------ RECORDS SHOWN
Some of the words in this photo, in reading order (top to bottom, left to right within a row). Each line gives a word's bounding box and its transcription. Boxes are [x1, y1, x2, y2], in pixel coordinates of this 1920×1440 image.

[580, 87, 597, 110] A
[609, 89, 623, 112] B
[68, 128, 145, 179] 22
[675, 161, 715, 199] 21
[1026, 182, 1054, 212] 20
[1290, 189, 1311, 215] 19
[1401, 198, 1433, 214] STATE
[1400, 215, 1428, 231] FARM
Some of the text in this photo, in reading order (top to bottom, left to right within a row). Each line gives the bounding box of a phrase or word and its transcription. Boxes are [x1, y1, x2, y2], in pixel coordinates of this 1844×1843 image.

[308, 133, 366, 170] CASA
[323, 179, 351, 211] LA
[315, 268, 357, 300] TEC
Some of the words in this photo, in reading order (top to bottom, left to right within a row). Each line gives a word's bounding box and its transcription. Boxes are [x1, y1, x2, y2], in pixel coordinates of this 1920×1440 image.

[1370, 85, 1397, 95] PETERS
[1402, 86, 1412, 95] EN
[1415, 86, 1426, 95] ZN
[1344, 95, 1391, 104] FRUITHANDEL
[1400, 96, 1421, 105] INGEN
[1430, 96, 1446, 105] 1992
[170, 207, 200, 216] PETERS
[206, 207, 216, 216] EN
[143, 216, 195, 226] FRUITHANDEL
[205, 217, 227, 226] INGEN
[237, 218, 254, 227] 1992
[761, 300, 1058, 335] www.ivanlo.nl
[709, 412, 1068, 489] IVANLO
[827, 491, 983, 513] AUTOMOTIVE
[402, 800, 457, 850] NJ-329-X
------------
PROBLEM DESCRIPTION: Reproduce each record exactly, leaving nothing out.

ANSWER TO THIS EXERCISE:
Some of the words in this photo, in reading order (top to bottom, left to right within a row). Each line gives a word's bounding box and its transcription. Boxes are [x1, y1, x2, y2], in pixel coordinates of this 1920×1440 image.

[580, 87, 597, 110] A
[609, 89, 623, 112] B
[68, 128, 145, 179] 22
[675, 161, 715, 199] 21
[1026, 182, 1054, 212] 20
[1290, 189, 1311, 215] 19
[1401, 198, 1433, 214] STATE
[1400, 215, 1428, 231] FARM
Some of the text in this photo, in reading order (top to bottom, left to right within a row). Each line gives the bounding box of a phrase or word and its transcription. Boxes are [x1, y1, x2, y2], in pixel coordinates of this 1844×1843 image.

[308, 133, 366, 170] CASA
[323, 179, 351, 211] LA
[315, 268, 357, 300] TEC
Some of the words in this photo, in reading order (top to bottom, left to right within a row). Each line gives a word's bounding box and its transcription. Boxes are [x1, y1, x2, y2], in pixel coordinates of this 1920×1440 image.

[1370, 85, 1397, 95] PETERS
[1402, 86, 1412, 95] EN
[1415, 86, 1426, 95] ZN
[1344, 95, 1391, 104] FRUITHANDEL
[1400, 96, 1421, 105] INGEN
[1430, 96, 1446, 105] 1992
[170, 207, 200, 216] PETERS
[206, 207, 216, 216] EN
[143, 216, 195, 226] FRUITHANDEL
[205, 217, 227, 226] INGEN
[237, 218, 254, 227] 1992
[761, 300, 1058, 335] www.ivanlo.nl
[709, 412, 1068, 489] IVANLO
[827, 491, 983, 513] AUTOMOTIVE
[402, 800, 457, 850] NJ-329-X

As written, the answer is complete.